_Exercise brief_: With all images left out, restate the records below exactly as written.

_Record extracts_:
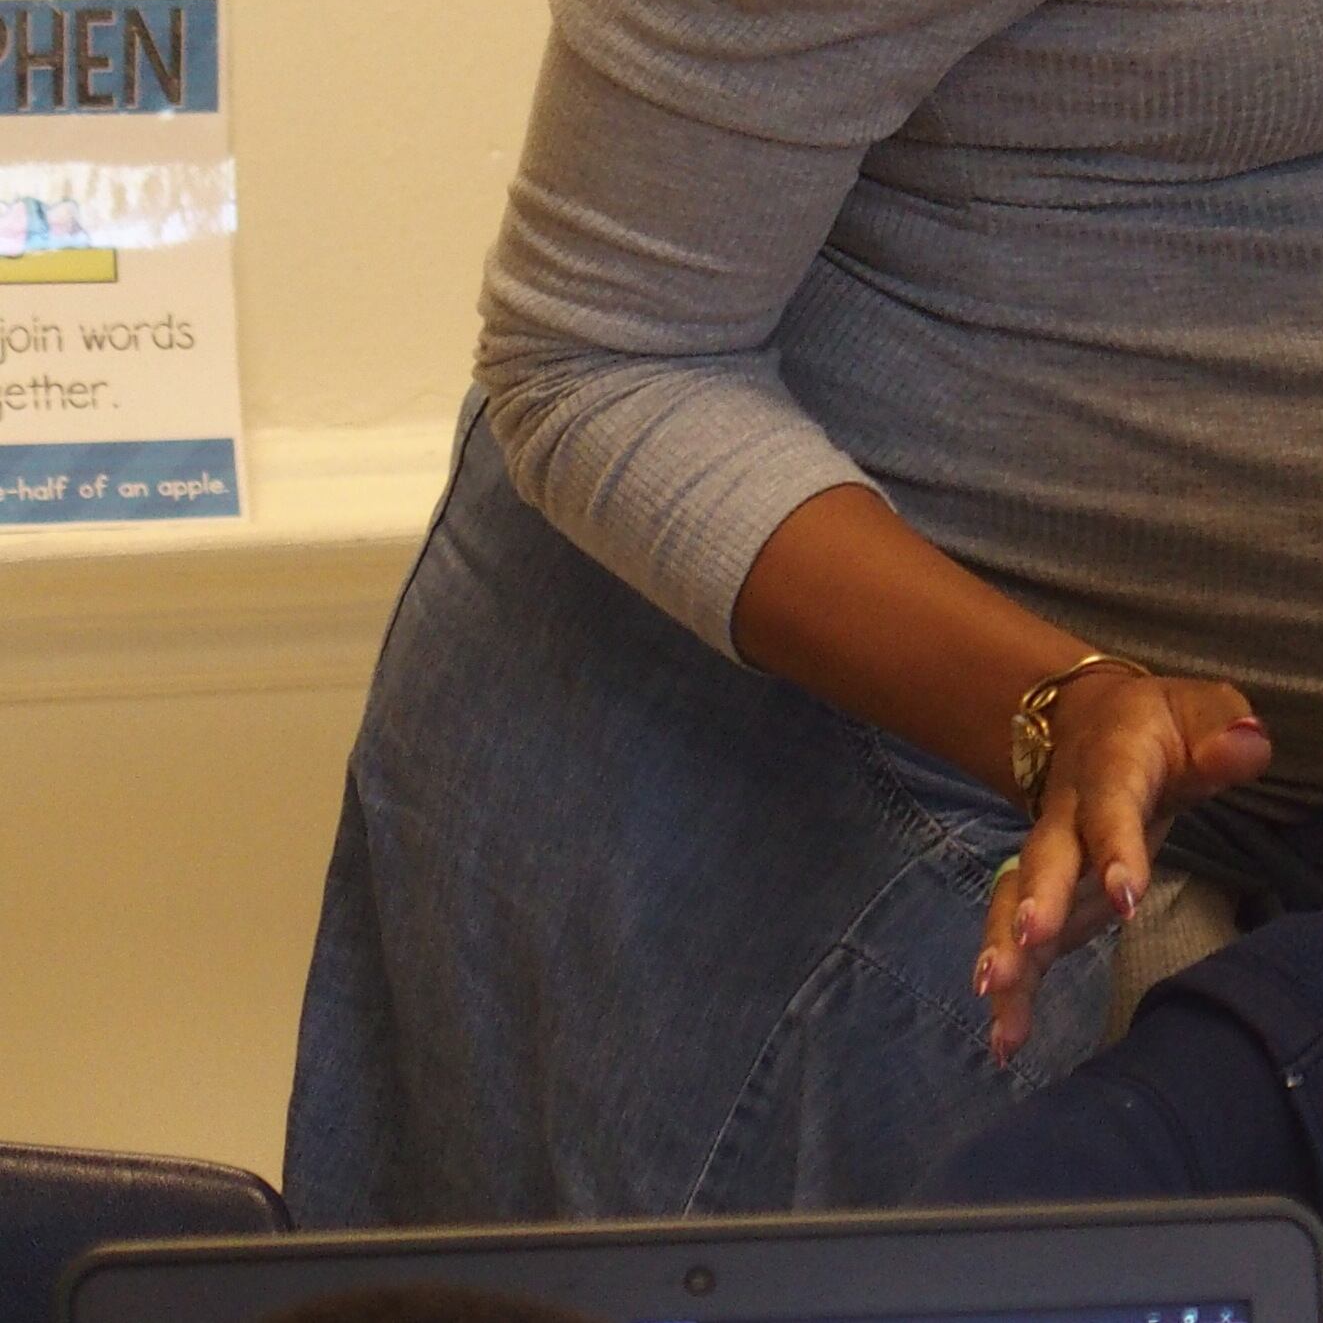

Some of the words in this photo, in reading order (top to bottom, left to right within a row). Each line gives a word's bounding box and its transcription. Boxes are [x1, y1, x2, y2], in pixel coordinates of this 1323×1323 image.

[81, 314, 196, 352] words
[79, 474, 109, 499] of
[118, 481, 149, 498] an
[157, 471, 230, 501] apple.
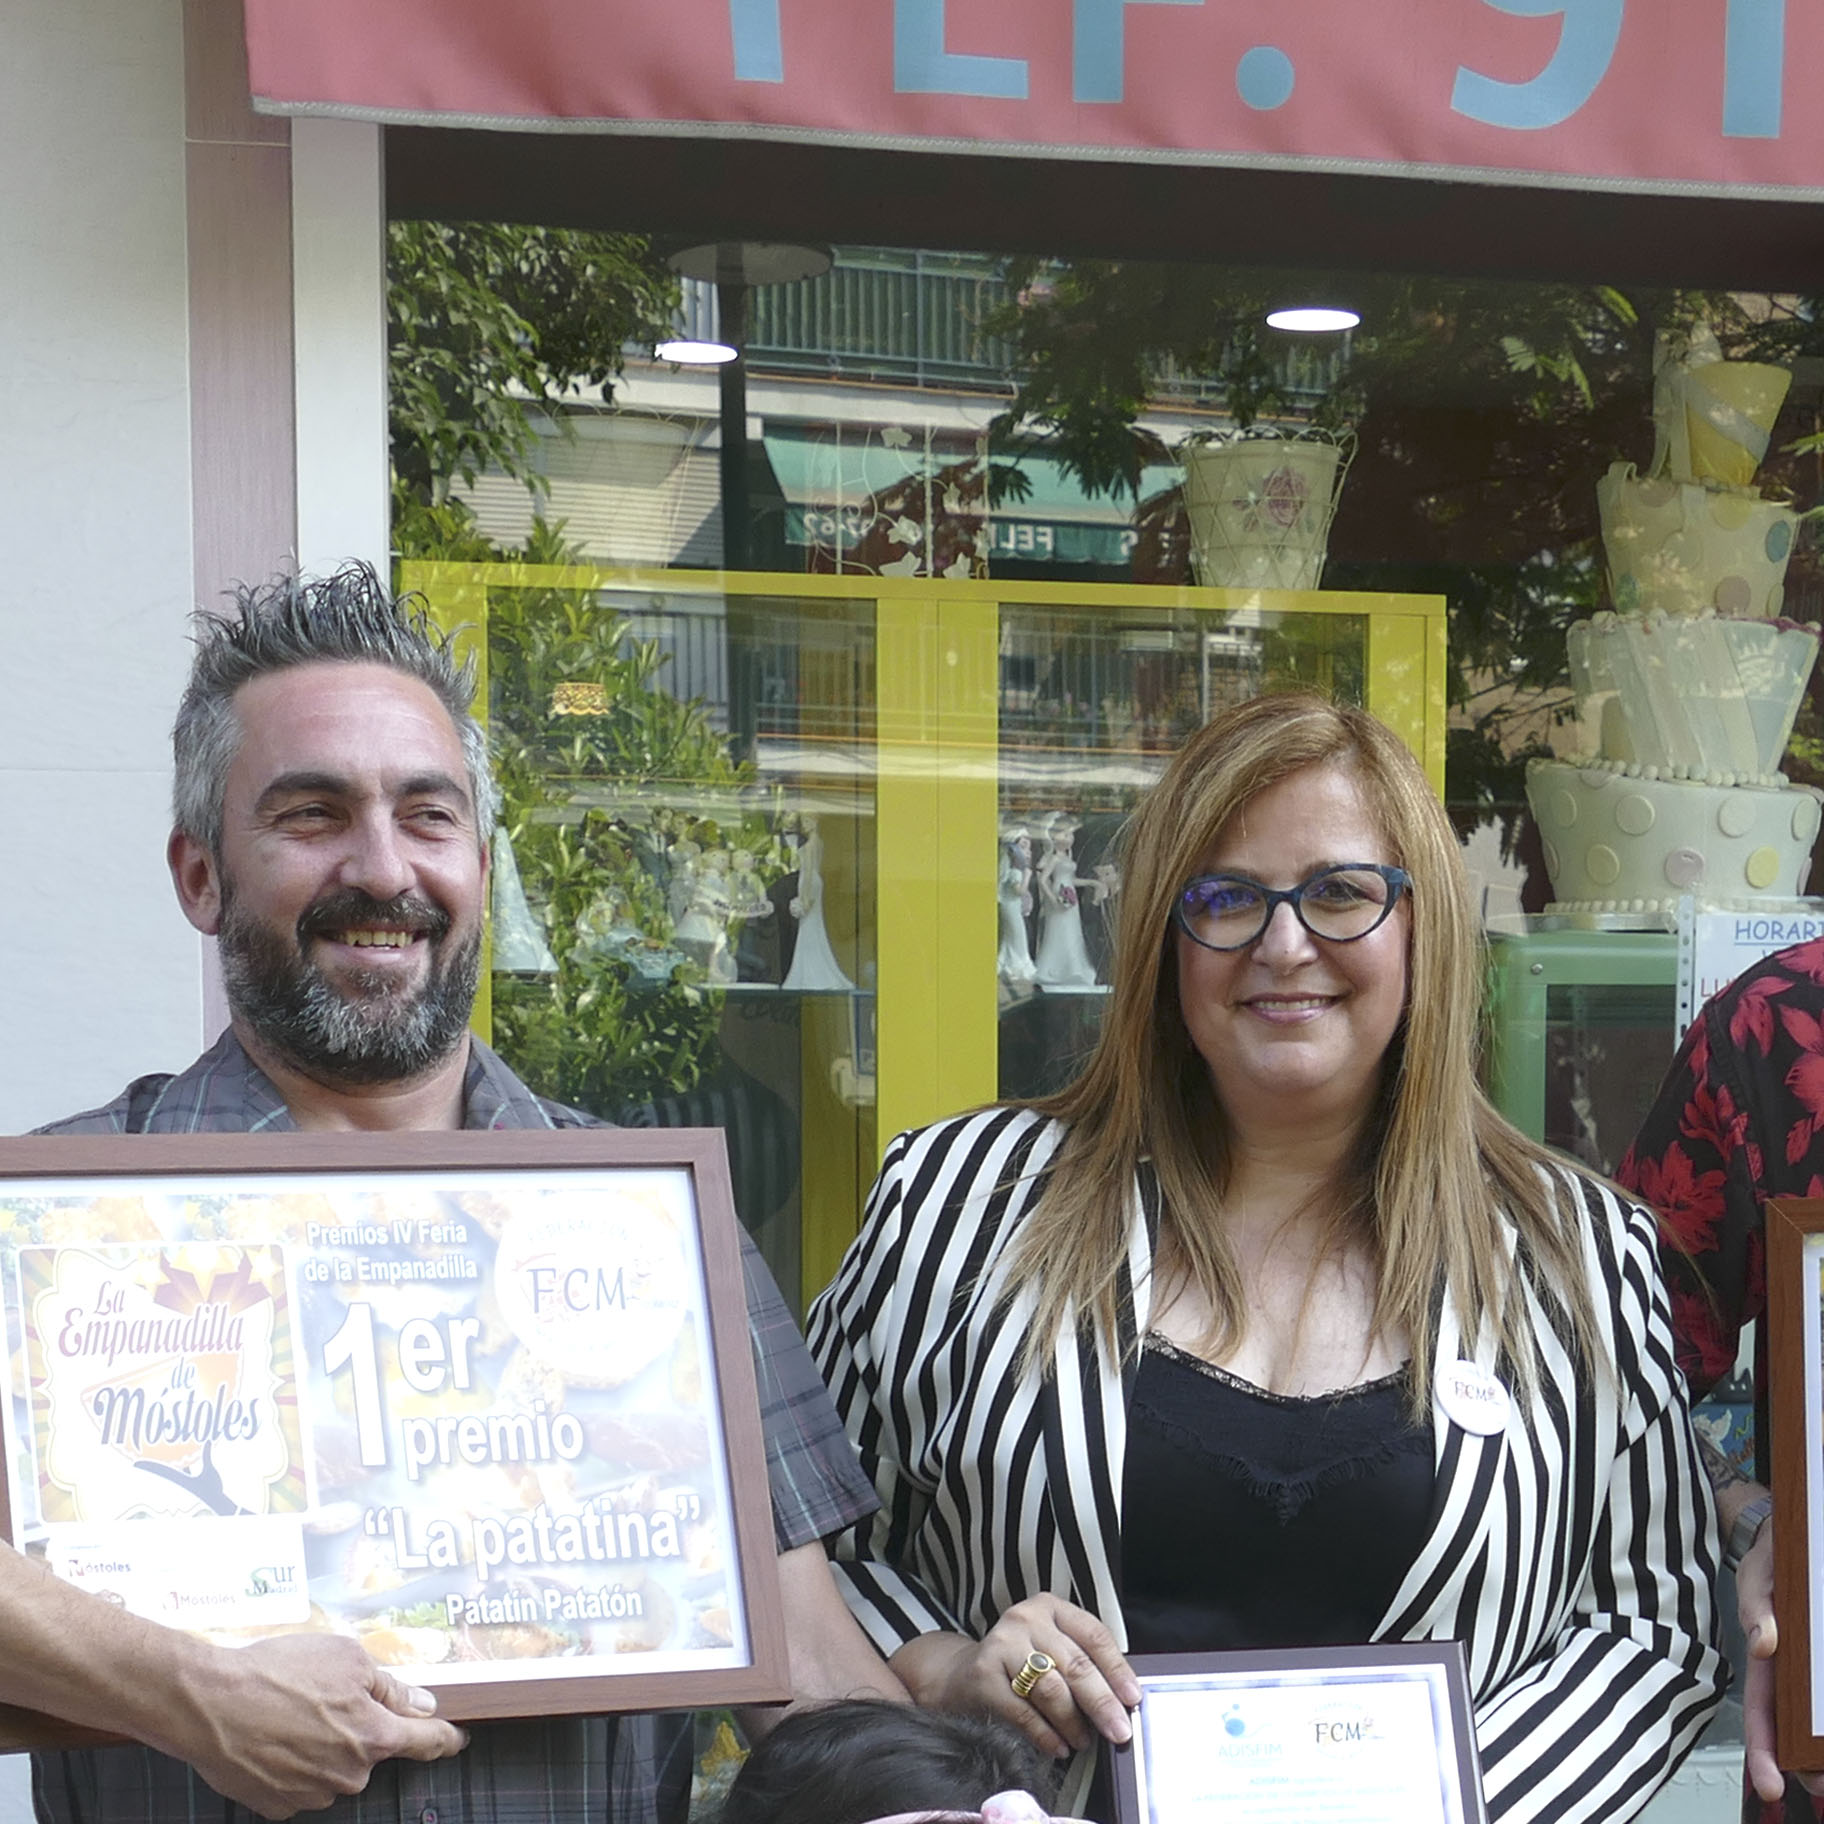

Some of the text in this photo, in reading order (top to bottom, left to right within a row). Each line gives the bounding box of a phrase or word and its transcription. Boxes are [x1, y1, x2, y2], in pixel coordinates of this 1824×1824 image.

_Answer to this task_:
Some of the words in this photo, in reading order (top to bottom, left to right within a row). Each line gives a word's bounding box and its transcription. Boxes are [x1, y1, x2, y2], in pixel coordinates of this 1323×1323 image.

[81, 314, 196, 352] words
[79, 474, 109, 499] of
[118, 481, 149, 498] an
[157, 471, 230, 501] apple.

Some of the text in this photo, in reading order (top to bottom, left to right within a row). Each line gives the bounding box of a phrase or word and its transcription. Boxes are [x1, y1, x2, y2], in pixel coordinates of this 1824×1824 image.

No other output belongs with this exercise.